Réjouissances de rentrée

Pour preuve, les 17 et 18 septembre, le temps de deux soirées magiques, l’installation « Kalalumen, les lumières de la Cathédrale » habillera de milliers de bougies l’intérieur de la Cathédrale… laquelle se réchauffera, le 25 septembre, au son des voix puissantes de Nicoletta et de ses chœurs Gospel.
Parmi les nombreuses autres animations au programme, signalons que le 22 octobre au Citéa, Benjamin Brillaud, « youtubeur de l’histoire » et vulgarisateur au million et demi d’abonnés à travers sa chaîne « Nota Bene », présentera, en avant-première, un épisode dédié à Toul et enregistré sur place en juin… De quoi passionner les historiens en herbe ou confirmés, toutes générations confondues !

Le Trésor s’expose !

La Cathédrale Saint-Etienne s’enrichit d’un nouveau lieu d’exposition en la salle du Trésor ! L’opération consiste en réalité à rouvrir au public la salle destinée, dès la construction de la Cathédrale, à accueillir les objets les plus précieux tels que les vases sacrés, reliquaires et autres pièces d’orfèvrerie… Adossée à la façade sud du chœur, cette pièce rectangulaire, entièrement restaurée, retrouve sa vocation perdue depuis la Révolution française en donnant à voir au public des œuvres liturgiques précieuses issues de l’ancien Trésor et dispersées. Rassemblées, habilement replacées dans leur contexte et mises en valeur par la scénographie moderne et sobre de l’architecte Philippe Maffre, elles sont tout simplement éblouissantes !

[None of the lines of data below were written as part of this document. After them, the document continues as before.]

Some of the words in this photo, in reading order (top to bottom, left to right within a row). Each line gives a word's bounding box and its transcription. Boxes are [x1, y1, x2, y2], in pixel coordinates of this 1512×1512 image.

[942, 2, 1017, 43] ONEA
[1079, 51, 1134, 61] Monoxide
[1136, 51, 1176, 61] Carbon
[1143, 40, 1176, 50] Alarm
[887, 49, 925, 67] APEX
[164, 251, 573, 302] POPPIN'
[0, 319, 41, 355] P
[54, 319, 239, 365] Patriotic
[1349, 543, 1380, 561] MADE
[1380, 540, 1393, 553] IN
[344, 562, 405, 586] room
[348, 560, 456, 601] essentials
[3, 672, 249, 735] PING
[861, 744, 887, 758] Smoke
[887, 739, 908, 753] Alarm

Parmi les joyaux présents, le reliquaire du Saint-Clou, ou clou de la Sainte-Croix, vaut, à lui seul, le déplacement… L’histoire voudrait qu’un peu avant l’an 330, sainte Hélène, mère de l’empereur romain Constantin 1er, alors en visite en pèlerinage à Jérusalem, ait retrouvé la croix et les clous sur les lieux de la Passion ; un de ces clous parviendra à Trêves, capitale impériale et ville natale de sainte Hélène. Au Xe siècle, l’évêque toulois Gérard décide de faire rebâtir sa cathédrale en l’enrichissant de reliques prestigieuses. Il réclame donc auprès de l’archevêque de Trêves, son supérieur, la relique du Saint Clou, et se voit opposer un refus ferme. Gérard insiste, jusqu’à toucher la pointe du clou, qui se détache… Ce signe divin vaut à l’évêque de pouvoir ramener à Toul la précieuse relique, laquelle est désormais visible de tous…

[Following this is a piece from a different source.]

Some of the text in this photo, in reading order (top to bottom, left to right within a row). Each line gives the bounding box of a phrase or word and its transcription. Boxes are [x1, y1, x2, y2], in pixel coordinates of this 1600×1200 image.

En expo et en 3D, l’évolution de la Cathédrale
Son évolution architecturale à travers les siècles inspire ! A tel point que la Cathédrale accueille, en son cloître, du 3 juillet au 19 septembre, une exposition majeure présentant l’histoire de l’édifice depuis la fin de sa construction. « Embellissement, destruction et grands travaux à la Cathédrale » rappelle les ajouts que constituent les deux chapelles Renaissance, met en lumière les travaux d’embellissement extérieurs et intérieurs ainsi que l’aménagement somptueux du chœur au XVIIème siècle, insiste sur les destructions révolutionnaires de 1870 et 1940 et sur les restaurations réalisées au fil du temps…
Au fil de documents d’archives méconnus du grand public, de maquettes, de documents vidéo et de récits de témoins, le visiteur prend peu à peu conscience de l’importance de l’investissement humain nécessaire à maintenir à flot un tel vaisseau !
Sur le même thème, notons que le 18 septembre à 14h30 sera diffusé, au Citéa, un film de Maxime Santiago retraçant, en 3D, la construction de la Cathédrale de ses origines à son achèvement gothique, en passant par les sept grandes périodes de sa construction et les évolutions successives de l’édifice…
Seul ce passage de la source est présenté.